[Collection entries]
=-=-=-=-=

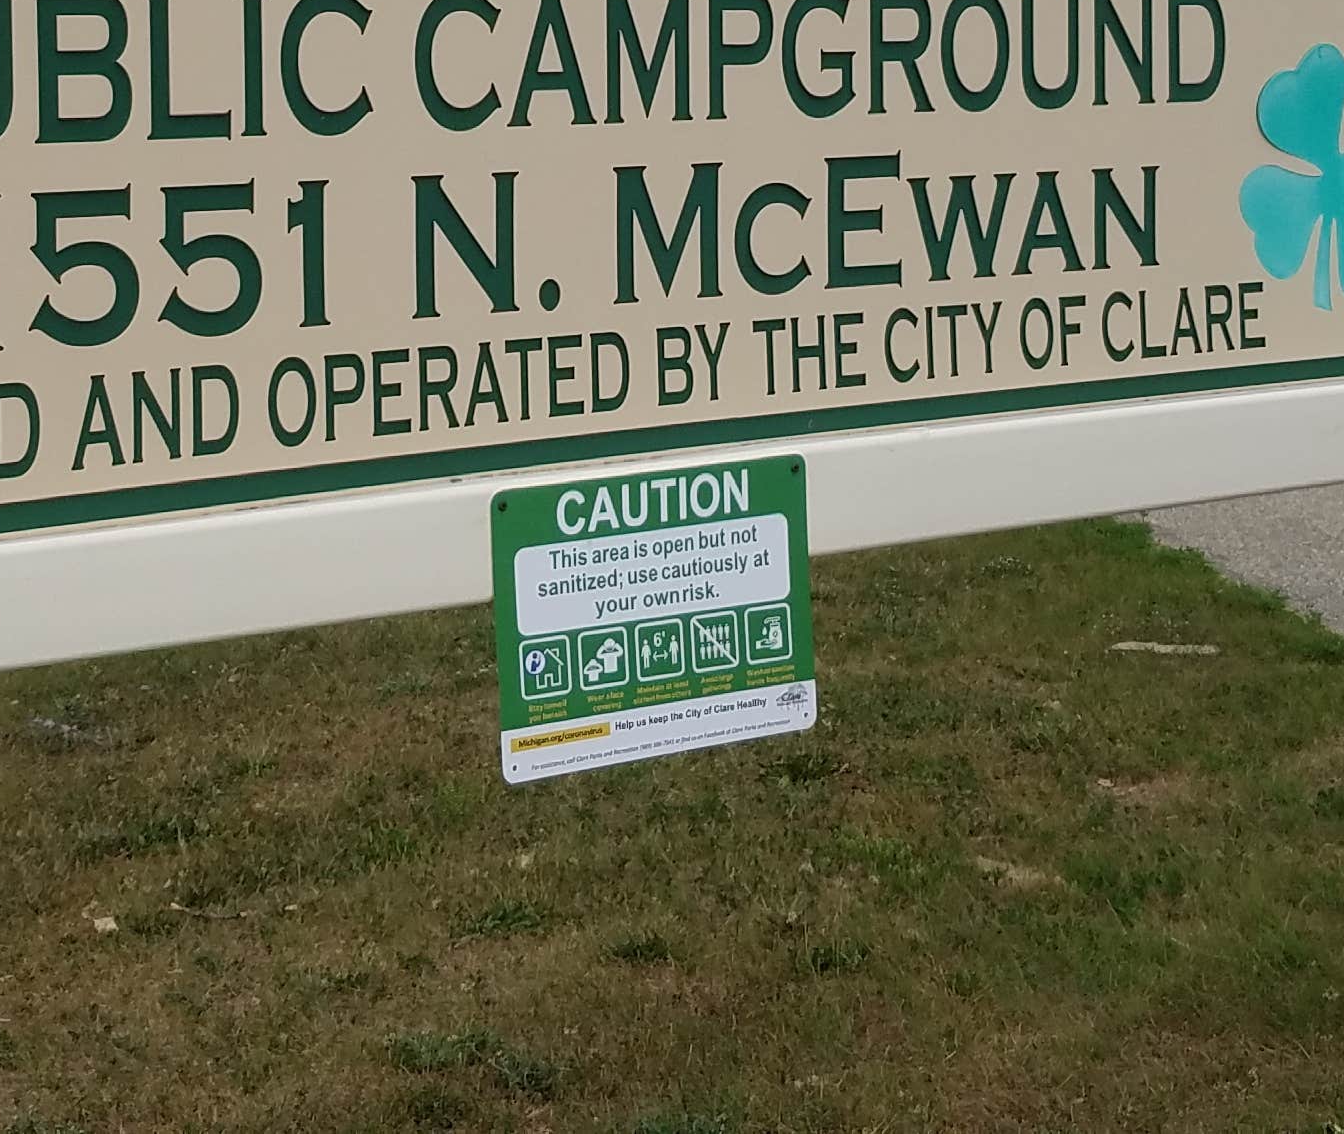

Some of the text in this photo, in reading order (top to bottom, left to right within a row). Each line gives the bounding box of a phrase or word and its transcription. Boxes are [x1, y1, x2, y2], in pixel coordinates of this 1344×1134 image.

[409, 170, 562, 321] N.
[70, 363, 241, 472] AND
[266, 330, 631, 449] OPERATED
[654, 320, 732, 408] BY
[751, 311, 868, 397] THE
[883, 300, 1004, 384] CITY
[1018, 293, 1088, 371] OF
[1100, 280, 1268, 364] CLARE
[556, 468, 750, 535] CAUTION
[548, 524, 757, 569] This area is open but not
[537, 549, 770, 597] sanitized; use cautiously at
[594, 581, 720, 620] your own risk.
[614, 720, 634, 731] Help
[636, 719, 647, 727] us
[648, 715, 669, 725] keep
[670, 712, 683, 722] the
[685, 707, 702, 719] City
[703, 705, 712, 714] of
[714, 703, 735, 714] Clare
[736, 698, 767, 711] Healthy

=-=-=-=-=

Aim of the exercise = Copy the data word for word and omit every picture.

Task output =
Some of the text in this photo, in reading order (top to bottom, left to right within a row). Each line gives the bounding box of a phrase or word and its transcription. Boxes are [x1, y1, x2, y2], in pixel coordinates of this 1344×1134 image.

[409, 170, 562, 321] N.
[70, 363, 241, 472] AND
[266, 330, 631, 449] OPERATED
[654, 320, 732, 408] BY
[751, 311, 868, 397] THE
[883, 300, 1004, 384] CITY
[1018, 293, 1088, 371] OF
[1100, 280, 1268, 364] CLARE
[556, 468, 750, 535] CAUTION
[548, 524, 757, 569] This area is open but not
[537, 549, 770, 597] sanitized; use cautiously at
[594, 581, 720, 620] your own risk.
[614, 720, 634, 731] Help
[636, 719, 647, 727] us
[648, 715, 669, 725] keep
[670, 712, 683, 722] the
[685, 707, 702, 719] City
[703, 705, 712, 714] of
[714, 703, 735, 714] Clare
[736, 698, 767, 711] Healthy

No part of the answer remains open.